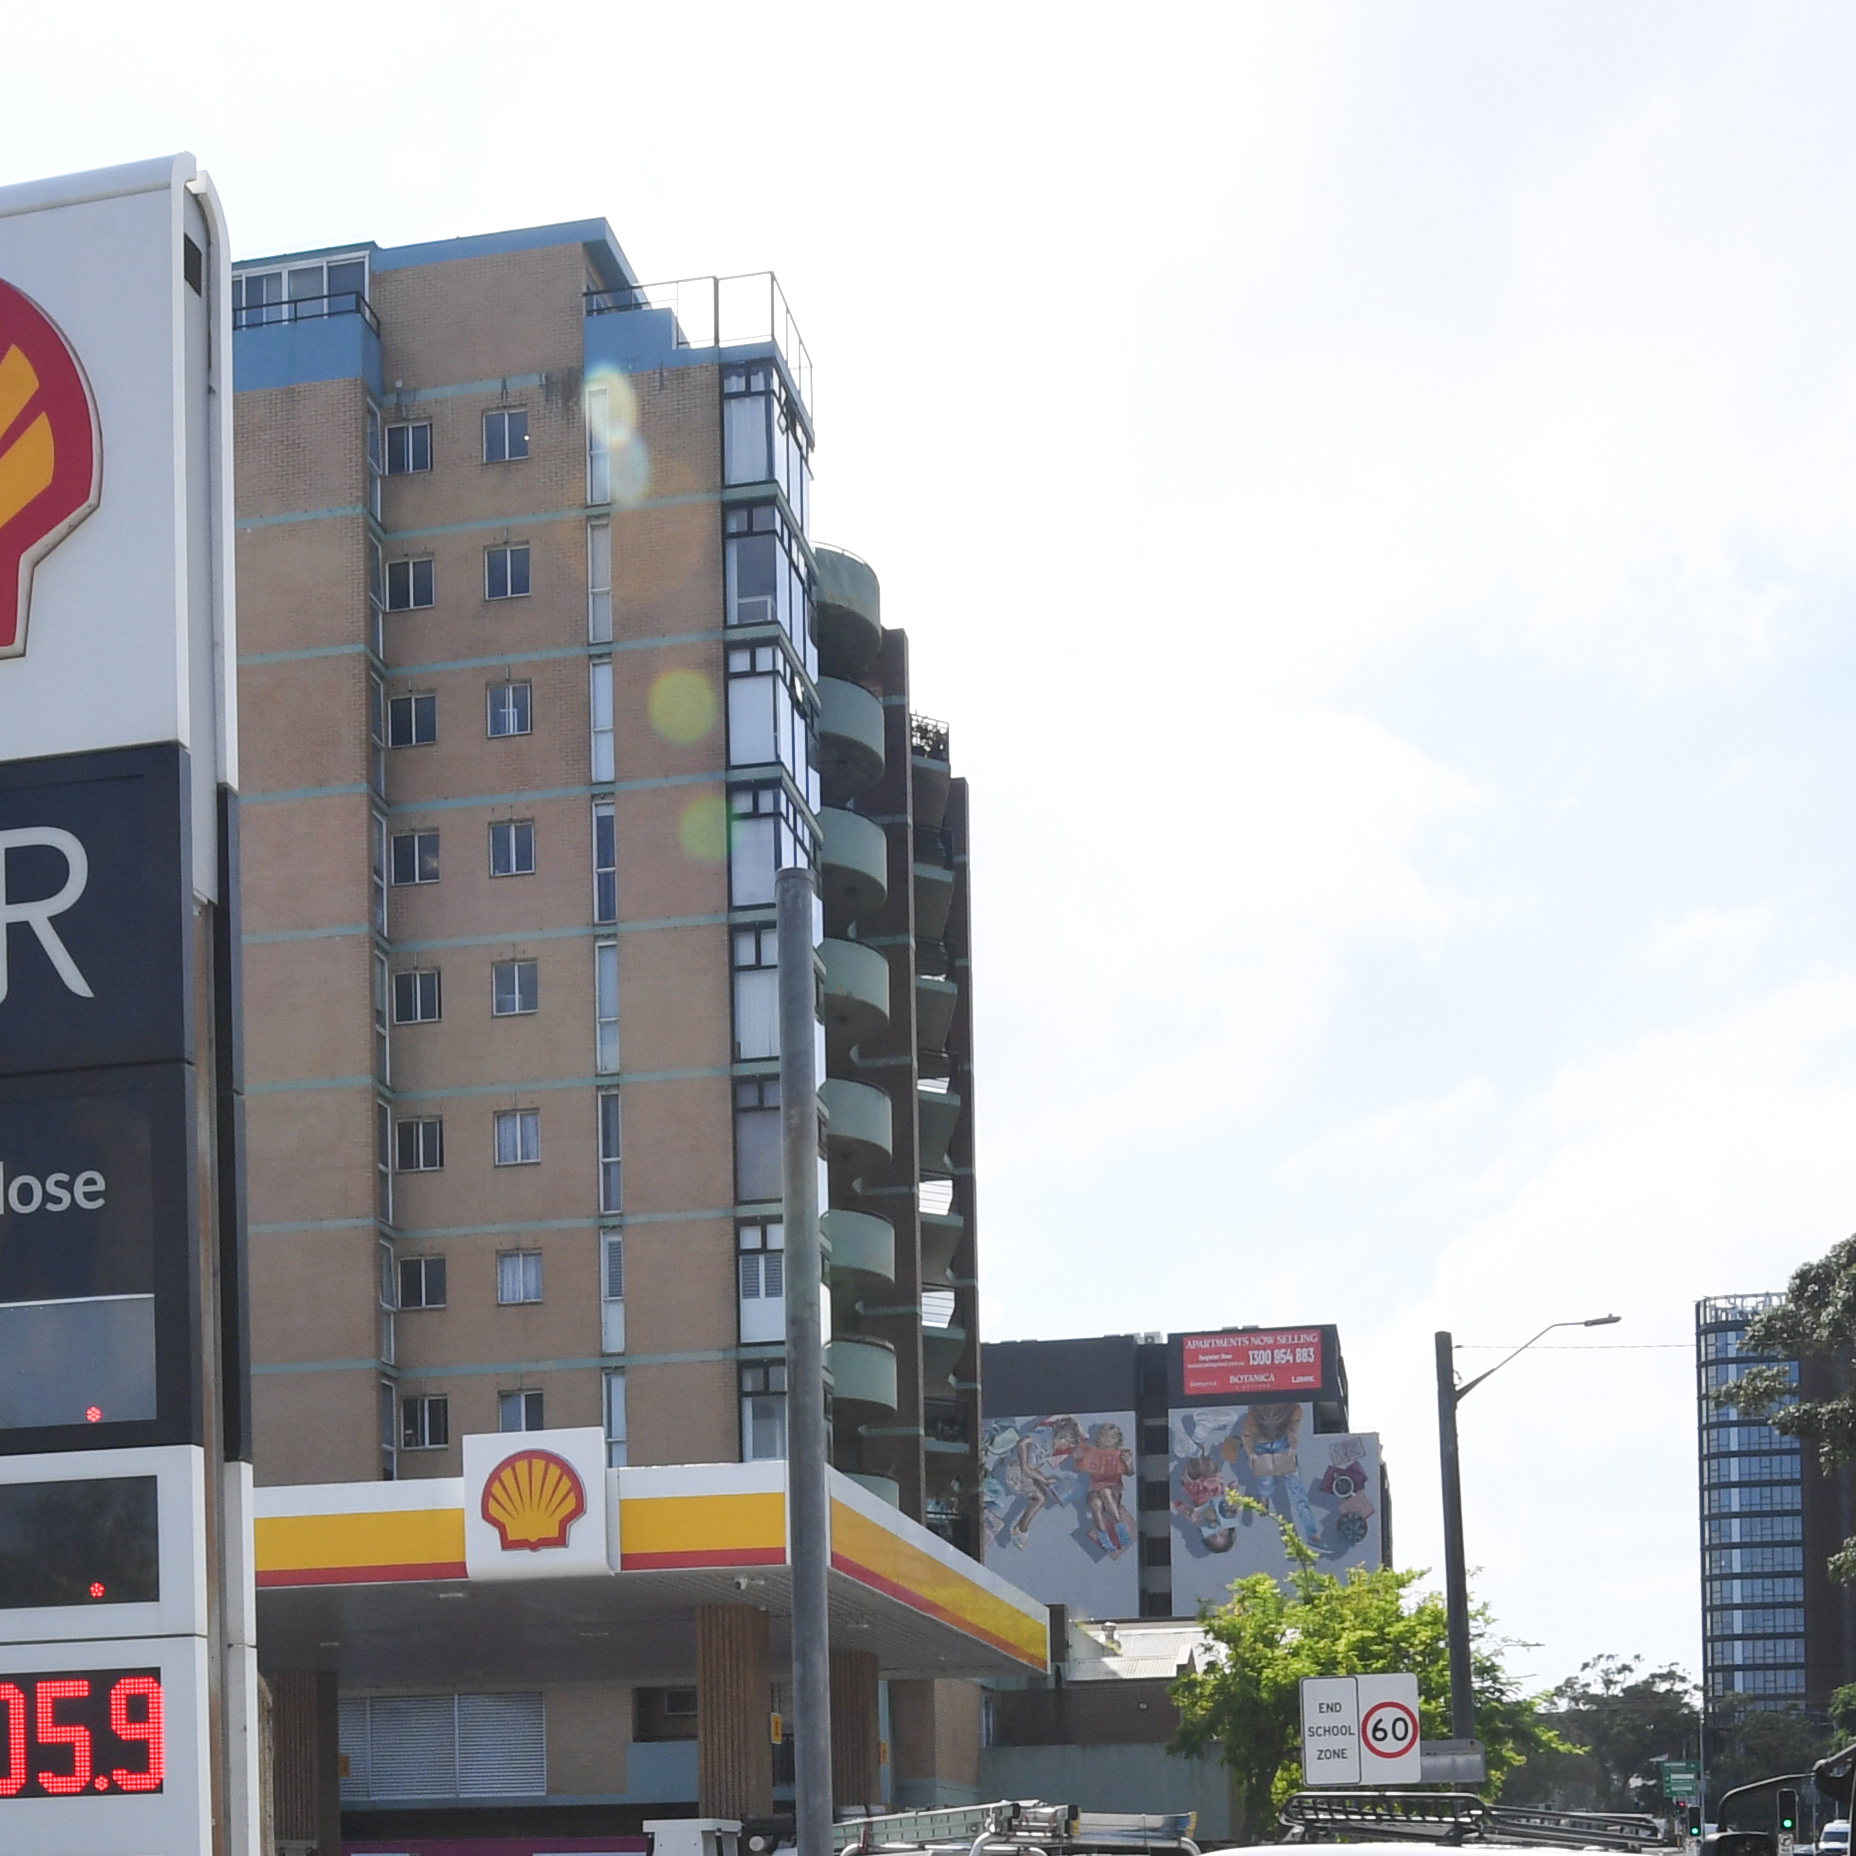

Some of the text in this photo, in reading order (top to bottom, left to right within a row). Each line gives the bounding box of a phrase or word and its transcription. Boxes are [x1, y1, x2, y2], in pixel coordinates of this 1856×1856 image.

[1186, 1334, 1317, 1350] APARTMENTS NOW SELLING
[1248, 1350, 1271, 1365] 1300
[1229, 1373, 1275, 1385] BOTANICA
[1318, 1702, 1342, 1714] END
[1308, 1725, 1355, 1737] SCHOOL
[1371, 1716, 1409, 1742] 60
[1317, 1749, 1347, 1760] ZONE
_ _ _ _ _ _ _
Task requirements = Transcribe the entries above verbatim, omitting their pictures.

Response to the task =
Some of the text in this photo, in reading order (top to bottom, left to right within a row). Each line gives the bounding box of a phrase or word and its transcription. Boxes are [x1, y1, x2, y2], in pixel coordinates of this 1856×1856 image.

[1186, 1334, 1317, 1350] APARTMENTS NOW SELLING
[1248, 1350, 1271, 1365] 1300
[1229, 1373, 1275, 1385] BOTANICA
[1318, 1702, 1342, 1714] END
[1308, 1725, 1355, 1737] SCHOOL
[1371, 1716, 1409, 1742] 60
[1317, 1749, 1347, 1760] ZONE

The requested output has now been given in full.